Extracted records:
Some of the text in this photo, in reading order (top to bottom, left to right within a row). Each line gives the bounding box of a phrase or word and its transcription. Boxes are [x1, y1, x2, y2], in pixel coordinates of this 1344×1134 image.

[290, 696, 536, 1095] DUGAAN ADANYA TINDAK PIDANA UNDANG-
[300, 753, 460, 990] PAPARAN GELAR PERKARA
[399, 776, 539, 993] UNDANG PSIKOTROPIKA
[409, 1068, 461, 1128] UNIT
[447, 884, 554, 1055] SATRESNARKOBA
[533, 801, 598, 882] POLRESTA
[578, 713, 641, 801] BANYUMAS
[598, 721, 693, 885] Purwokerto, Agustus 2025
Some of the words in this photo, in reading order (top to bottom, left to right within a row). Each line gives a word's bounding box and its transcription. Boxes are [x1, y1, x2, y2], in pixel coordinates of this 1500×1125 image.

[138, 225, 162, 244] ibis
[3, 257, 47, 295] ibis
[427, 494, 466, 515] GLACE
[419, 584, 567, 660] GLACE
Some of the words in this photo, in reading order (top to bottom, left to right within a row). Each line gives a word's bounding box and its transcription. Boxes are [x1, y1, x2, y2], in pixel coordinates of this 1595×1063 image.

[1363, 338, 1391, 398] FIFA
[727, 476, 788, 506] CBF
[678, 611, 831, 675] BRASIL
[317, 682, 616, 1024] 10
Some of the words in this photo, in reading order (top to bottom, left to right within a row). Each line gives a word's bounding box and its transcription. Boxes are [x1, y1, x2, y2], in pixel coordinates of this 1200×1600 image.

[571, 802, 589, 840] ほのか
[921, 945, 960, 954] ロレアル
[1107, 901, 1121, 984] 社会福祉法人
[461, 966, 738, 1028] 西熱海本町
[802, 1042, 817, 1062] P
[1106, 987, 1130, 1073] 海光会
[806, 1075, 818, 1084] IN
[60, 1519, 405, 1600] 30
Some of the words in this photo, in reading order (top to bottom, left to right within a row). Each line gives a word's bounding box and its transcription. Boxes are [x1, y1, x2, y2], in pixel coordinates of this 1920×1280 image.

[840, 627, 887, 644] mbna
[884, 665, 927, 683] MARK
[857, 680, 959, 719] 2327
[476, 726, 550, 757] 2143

ASSIGNED TASK: Reproduce all data above, unchanged.

SOLUTION:
Some of the text in this photo, in reading order (top to bottom, left to right within a row). Each line gives the bounding box of a phrase or word and its transcription. Boxes are [x1, y1, x2, y2], in pixel coordinates of this 1344×1134 image.

[290, 696, 536, 1095] DUGAAN ADANYA TINDAK PIDANA UNDANG-
[300, 753, 460, 990] PAPARAN GELAR PERKARA
[399, 776, 539, 993] UNDANG PSIKOTROPIKA
[409, 1068, 461, 1128] UNIT
[447, 884, 554, 1055] SATRESNARKOBA
[533, 801, 598, 882] POLRESTA
[578, 713, 641, 801] BANYUMAS
[598, 721, 693, 885] Purwokerto, Agustus 2025
Some of the words in this photo, in reading order (top to bottom, left to right within a row). Each line gives a word's bounding box and its transcription. Boxes are [x1, y1, x2, y2], in pixel coordinates of this 1500×1125 image.

[138, 225, 162, 244] ibis
[3, 257, 47, 295] ibis
[427, 494, 466, 515] GLACE
[419, 584, 567, 660] GLACE
Some of the words in this photo, in reading order (top to bottom, left to right within a row). Each line gives a word's bounding box and its transcription. Boxes are [x1, y1, x2, y2], in pixel coordinates of this 1595×1063 image.

[1363, 338, 1391, 398] FIFA
[727, 476, 788, 506] CBF
[678, 611, 831, 675] BRASIL
[317, 682, 616, 1024] 10
Some of the words in this photo, in reading order (top to bottom, left to right within a row). Each line gives a word's bounding box and its transcription. Boxes are [x1, y1, x2, y2], in pixel coordinates of this 1200×1600 image.

[571, 802, 589, 840] ほのか
[921, 945, 960, 954] ロレアル
[1107, 901, 1121, 984] 社会福祉法人
[461, 966, 738, 1028] 西熱海本町
[802, 1042, 817, 1062] P
[1106, 987, 1130, 1073] 海光会
[806, 1075, 818, 1084] IN
[60, 1519, 405, 1600] 30
Some of the words in this photo, in reading order (top to bottom, left to right within a row). Each line gives a word's bounding box and its transcription. Boxes are [x1, y1, x2, y2], in pixel coordinates of this 1920×1280 image.

[840, 627, 887, 644] mbna
[884, 665, 927, 683] MARK
[857, 680, 959, 719] 2327
[476, 726, 550, 757] 2143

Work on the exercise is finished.